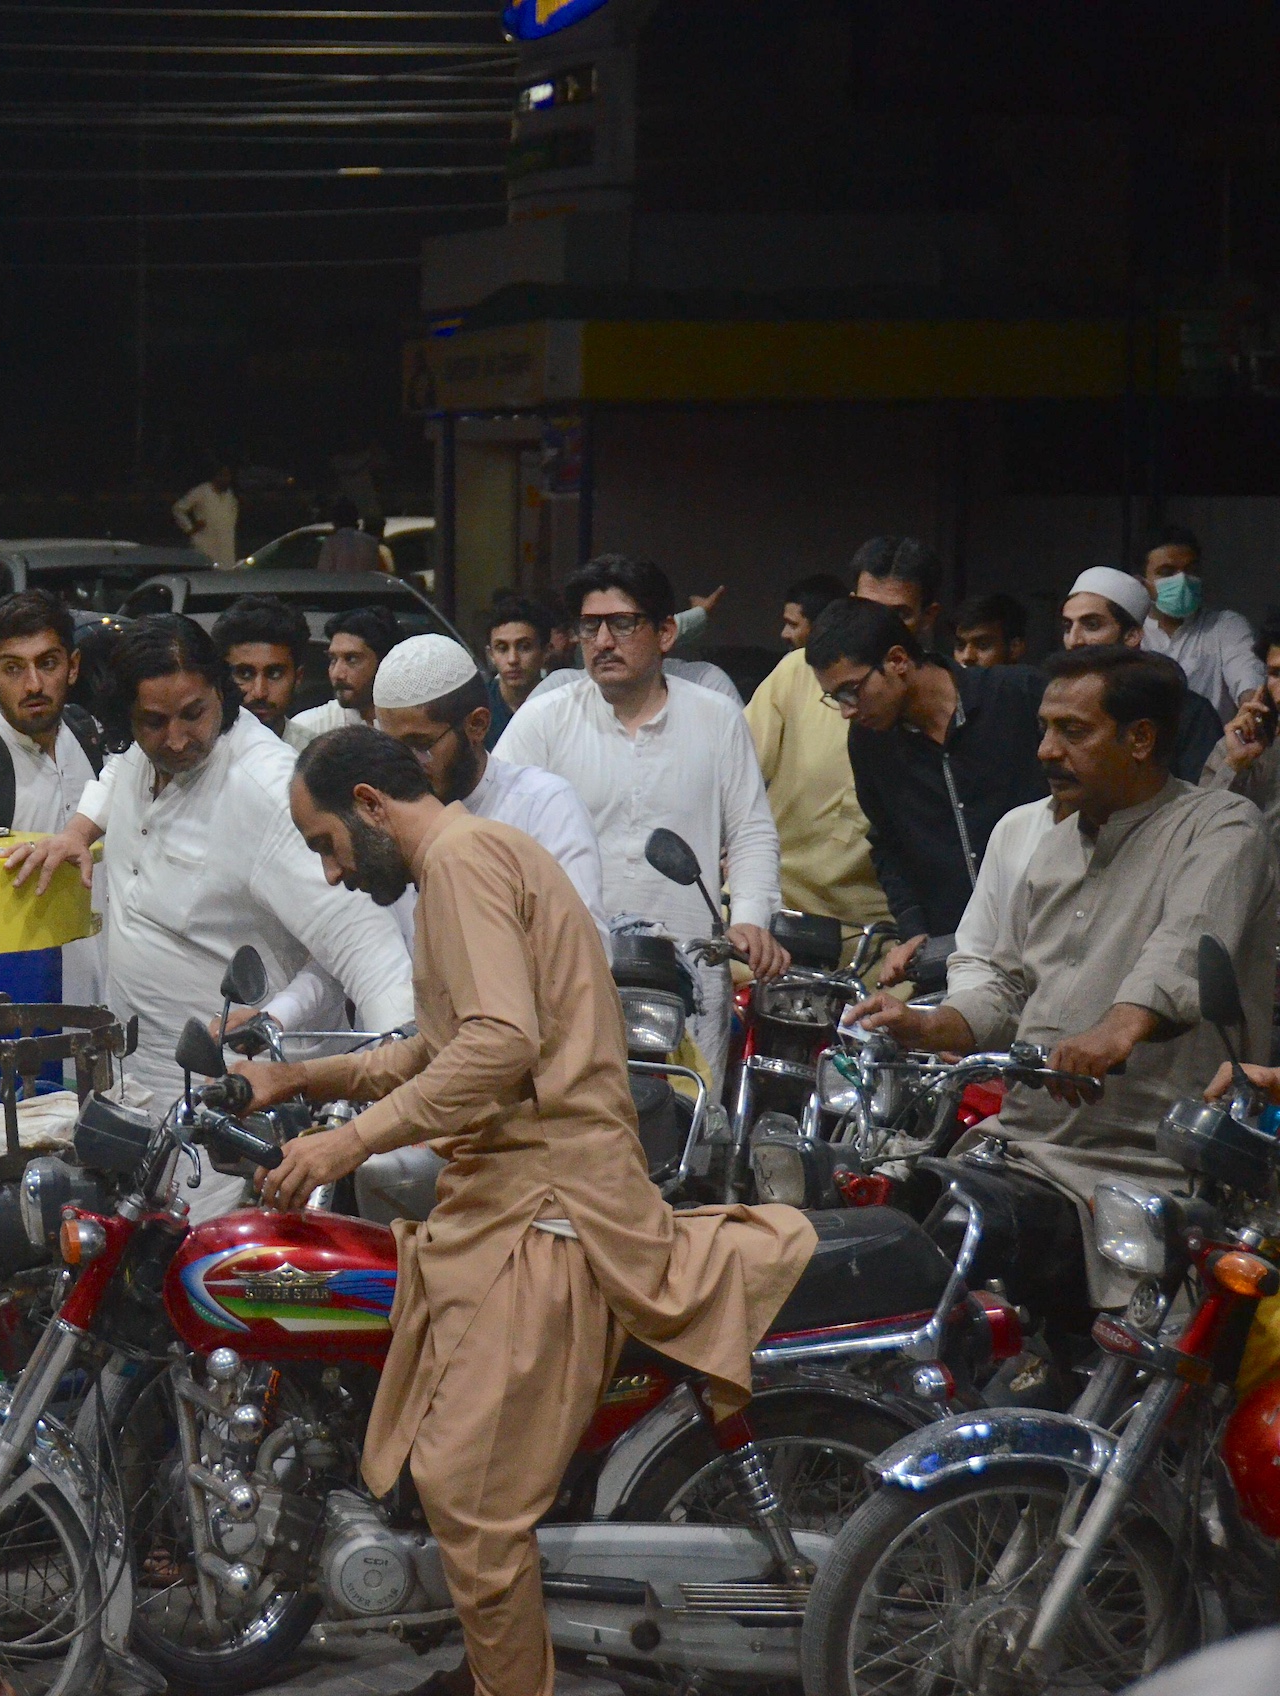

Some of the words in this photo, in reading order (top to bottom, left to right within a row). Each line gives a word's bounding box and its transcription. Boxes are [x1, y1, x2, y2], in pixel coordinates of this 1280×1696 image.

[244, 1288, 291, 1299] SUPER
[293, 1288, 330, 1299] STAR
[363, 1557, 389, 1566] CDI
[346, 1582, 371, 1607] SUPER

**Task goal**.
The material above is to be set down exactly, with pictures removed.

**Answer area**.
Some of the words in this photo, in reading order (top to bottom, left to right within a row). Each line gives a word's bounding box and its transcription. Boxes are [x1, y1, x2, y2], in pixel coordinates of this 1280×1696 image.

[244, 1288, 291, 1299] SUPER
[293, 1288, 330, 1299] STAR
[363, 1557, 389, 1566] CDI
[346, 1582, 371, 1607] SUPER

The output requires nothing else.